Monday, January 25, 2010
Last week Amy kicked off our discussion of John Allen's important new book, The Future Church, with Allen's first trend ("A World Church"), and this week I'm going to continue the conversation by focusing on his second trend: "Evangelical Catholicism." I'll lay out the basics of Allen's thesis, then raise some questions about what the trend could mean for Catholic legal education.
Allen explains evangelicalism by contrasting it with Mainline liberalism and Pentecostalism. Liberals "want to reach a detente with modernity; evangelicals want to convert it; and Pentecostals want to set it on fire." These three responses to modernity have defined Protestantism over the past hundred years, and "all three instincts have clear analogues inside Catholicism." While Catholic liberalism enjoyed a heyday from the late 60s to the mid-80s, beginning with John Paul II's election, "Catholicism has become steadily more evangelical -- uncompromising and unabasedly itself, more interested in evangelizing culture than accommodating it." The defining featues of evangelical Catholicism, according to Allen, are: 1) an embrace of traditional Catholic thought, speech, and practice; 2) eagerness to proclaim Catholic identity to the world, emphasizing its implications for culture, society, and politics; and 3) a view of faith as a matter of personal choice more than cultural inheritance.
The evangelical push is being felt in many areas of Catholic life, most notably: "the liturgy wars," "priestly identity," theology (especially Christology and ecclesiology), and Catholic education. All of these areas merit extended discussion, but given the MoJ mission, I'd like to focus on education. Allen does not break a lot of new ground here (discussing Ex corde, the Vagina Monologues, and Obama at the Notre Dame commencement), but some of evangelical Catholicism's likely consequences for the Church, at least as seen by Allen, raise intriguing questions for Catholic education (including Catholic law schools), though Allen does not connect them explicitly.
He identifies "new energy and (perhaps) growth" as a "near-certain consequence" for the Church given that "the religious movements that have grown most dramatically over the last half-century are those with clear boundaries between themselves and the prevailing culture." Sociologists of religion find that "high-tension groups" tend to "screen out members with low levels of commitment," which drives "more effective recruiting and retention." Will this sociological fact hold true in legal education? That is, will a Catholic law school flourish over the long term if it defines itself in sharp contrast with the prevailing culture? My wishy-washy answer: It depends. I believe that Catholic law schools can attract students by presenting a more holistic education, allowing students to connect their convictions and commitments with their professional roles. There are limits, though. I do not think that most students want a law school experience that is totally disconnected from, or appears to be hostile toward, the prevailing legal culture. Catholic law schools straddle the (often overstated) boundary between faith community and public square, and that dual identity presumes the possibility of collaboration and coherence, not just tension and demarcation. For law schools, being a "high-tension group" will not invariably lead to new energy and growth. In terms of faculty hiring, student admissions, and recognized student groups, my guess is that the increasing visibility and acceptance of gays and lesbians in our society will be one key area where this plays out.

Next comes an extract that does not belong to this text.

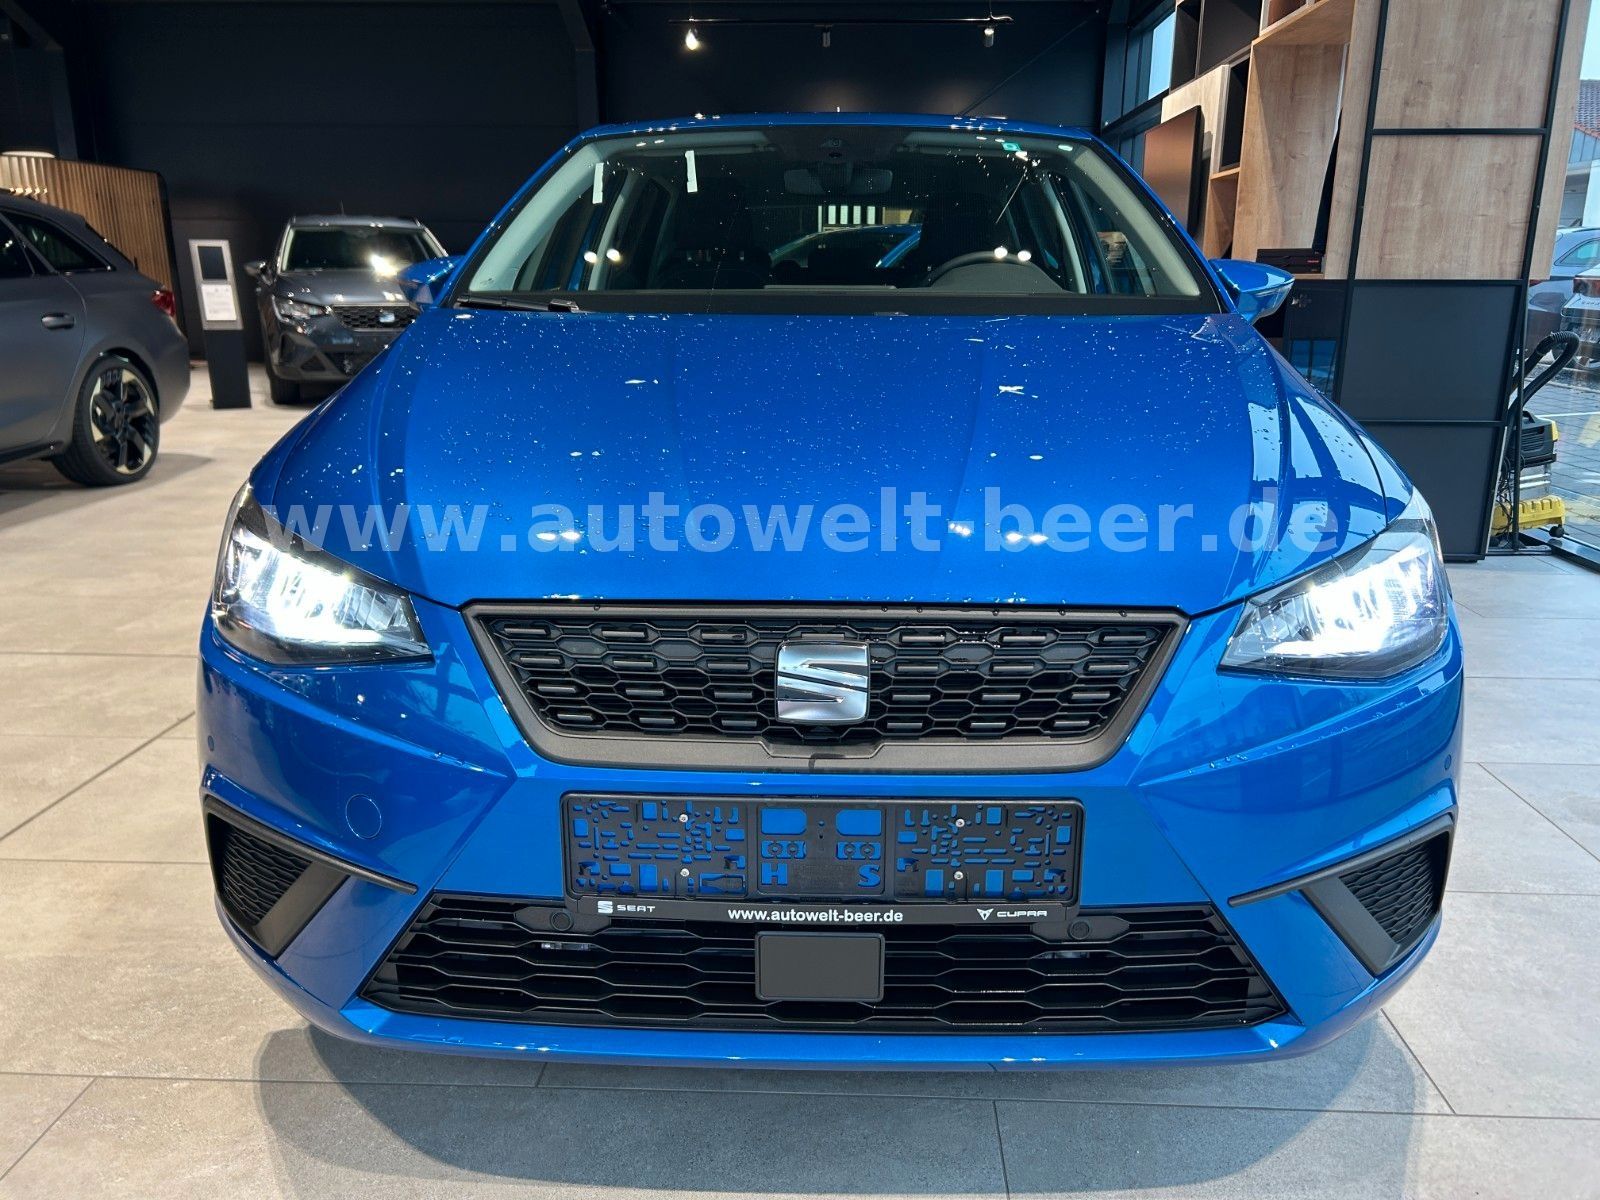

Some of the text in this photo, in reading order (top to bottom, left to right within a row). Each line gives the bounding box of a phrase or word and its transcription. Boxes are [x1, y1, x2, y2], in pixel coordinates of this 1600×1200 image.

[616, 904, 656, 913] SEAT
[727, 908, 904, 923] www.autowelt-beer.de
[996, 910, 1048, 918] CUPRA
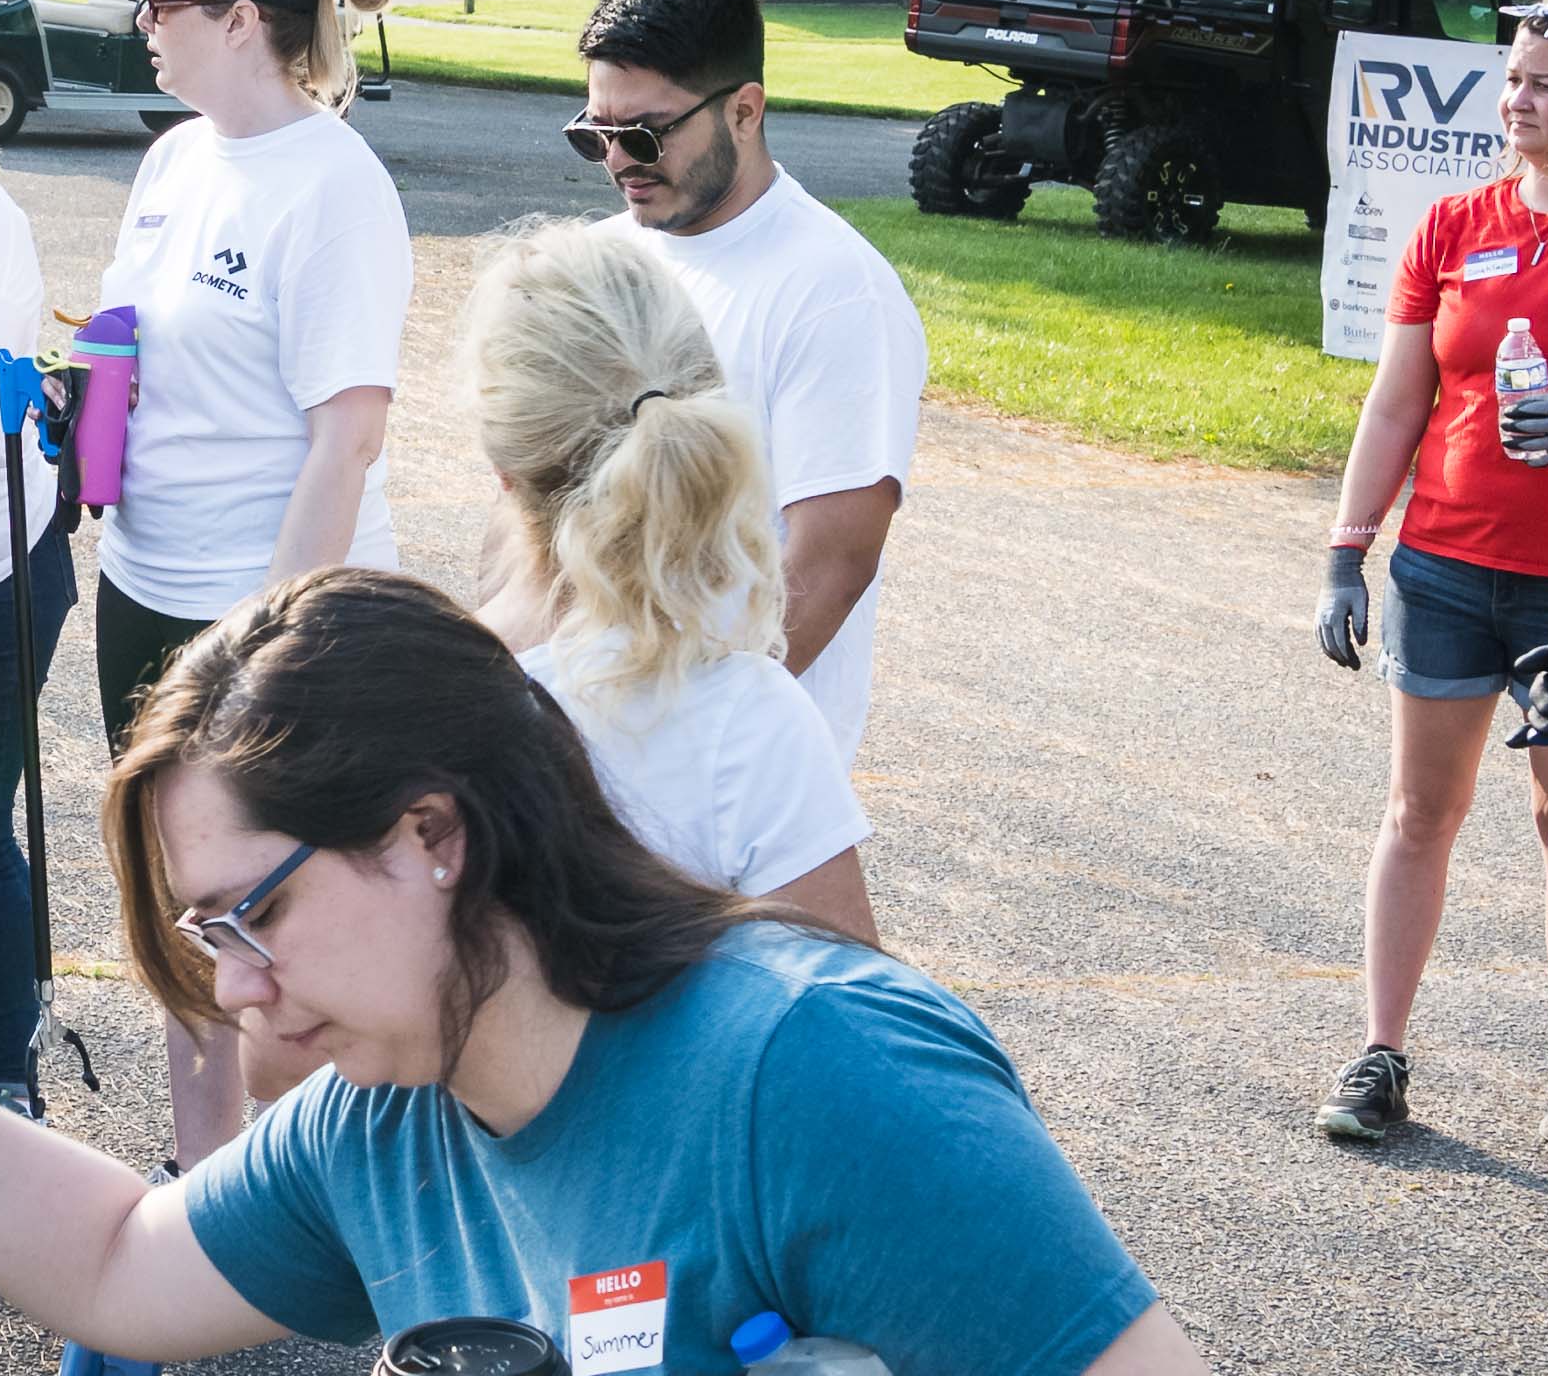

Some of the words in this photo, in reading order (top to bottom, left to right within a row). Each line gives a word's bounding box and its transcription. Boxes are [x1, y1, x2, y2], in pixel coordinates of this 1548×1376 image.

Relatedly, Allen sees evangelical Catholicism as increasing the perception going forward of Catholicism as "far-right." Given the way "sex sells," if the Church "wishes its stances on other matters to be heard, it will have to find ever more creative ways to get them across." Allen is undoubtedly correct that this is attributable in part to the fact that "sex sells." It also is worth pointing out that tthe surrounding culture (at least the political/legal culture) is sliding further from traditional Church teaching on these issues, which makes the gap starker. But isn't this trend also due to the fact that, as Robby and others have emphasized, the bishops enter murky areas when they try to speak about health care reform; pronouncements on abortion and same-sex marriage are much more straightfoward. If a Catholic law school wants to hire for mission, using abortion or same-sex marriage as litmus tests is relatively simple (but not costless); hiring someone with a "Catholic" view on health care is not only trickier, but sends a less clear signal of Catholic identity. Will "seriously" Catholic law schools also be increasingly perceived as "far right?"
There is much else that could be discussed in this chapter. You should read it. Comments are open.